- Born: April 29, 1902 New York City, U.S.
- Died: May 2, 1999 (aged 97) Haverford, Pennsylvania, U.S.
- Education: New York University University of Pennsylvania
- Occupation: Historian

= Thomas C. Cochran (historian) =

American historian

Thomas Childs Cochran (April 29, 1902 – May 2, 1999) was an American economic historian. He is considered a pioneer in that field. He was the author of several books.

==Early life==
Thomas C. Cochran was born on April 29, 1902, in Manhattan. He received his bachelor's and master's degrees from New York University before obtaining his doctorate from the University of Pennsylvania.

==Career==
Cochran was elected to the American Philosophical Society in 1953. Cochran taught at N.Y.U. for almost twenty-five years before joining the University of Pennsylvania in 1950, where he became Benjamin Franklin Professor of History, a position from which he retired in 1972. He was elected to the American Academy of Arts and Sciences in 1971 and also president of the American Historical Association the following year.

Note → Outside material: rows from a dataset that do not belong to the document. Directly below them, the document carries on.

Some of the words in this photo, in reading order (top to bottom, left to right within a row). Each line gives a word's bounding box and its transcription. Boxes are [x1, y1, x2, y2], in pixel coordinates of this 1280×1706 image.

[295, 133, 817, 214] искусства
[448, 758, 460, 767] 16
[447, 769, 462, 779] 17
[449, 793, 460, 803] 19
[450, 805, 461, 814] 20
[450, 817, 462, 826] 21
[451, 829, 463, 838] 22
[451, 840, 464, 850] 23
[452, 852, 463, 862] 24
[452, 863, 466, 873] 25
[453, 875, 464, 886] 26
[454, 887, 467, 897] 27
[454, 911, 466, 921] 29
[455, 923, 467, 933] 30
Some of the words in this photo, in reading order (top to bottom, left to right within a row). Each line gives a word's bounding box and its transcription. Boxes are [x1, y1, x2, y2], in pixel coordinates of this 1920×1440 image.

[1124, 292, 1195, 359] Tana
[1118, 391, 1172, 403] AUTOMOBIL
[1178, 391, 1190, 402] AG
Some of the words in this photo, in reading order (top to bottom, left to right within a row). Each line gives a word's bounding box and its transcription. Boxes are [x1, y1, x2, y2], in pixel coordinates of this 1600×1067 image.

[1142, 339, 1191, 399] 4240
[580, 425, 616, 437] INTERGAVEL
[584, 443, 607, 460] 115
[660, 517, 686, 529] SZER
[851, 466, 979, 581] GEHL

In the mid-20th century, Cochran was one of the most significant economic historians of the United States, producing The Age of Enterprise (1961), an important work on the history of American capitalism. Throughout his career, he attempted to examine the history of business not merely as a narrowly economic topic, but also as a cultural one. He opened up new methodological approaches and areas of research in the field of economic history.

==Personal life and death==
Cochran was married three times. He died on May 2, 1999, at the Quadrangle Retirement Center in Haverford, Pennsylvania.

==Works==
- The Pabst Brewing Company: The History of an American Business (1948)
- Railroad Leaders: The Business Mind in Action (1953)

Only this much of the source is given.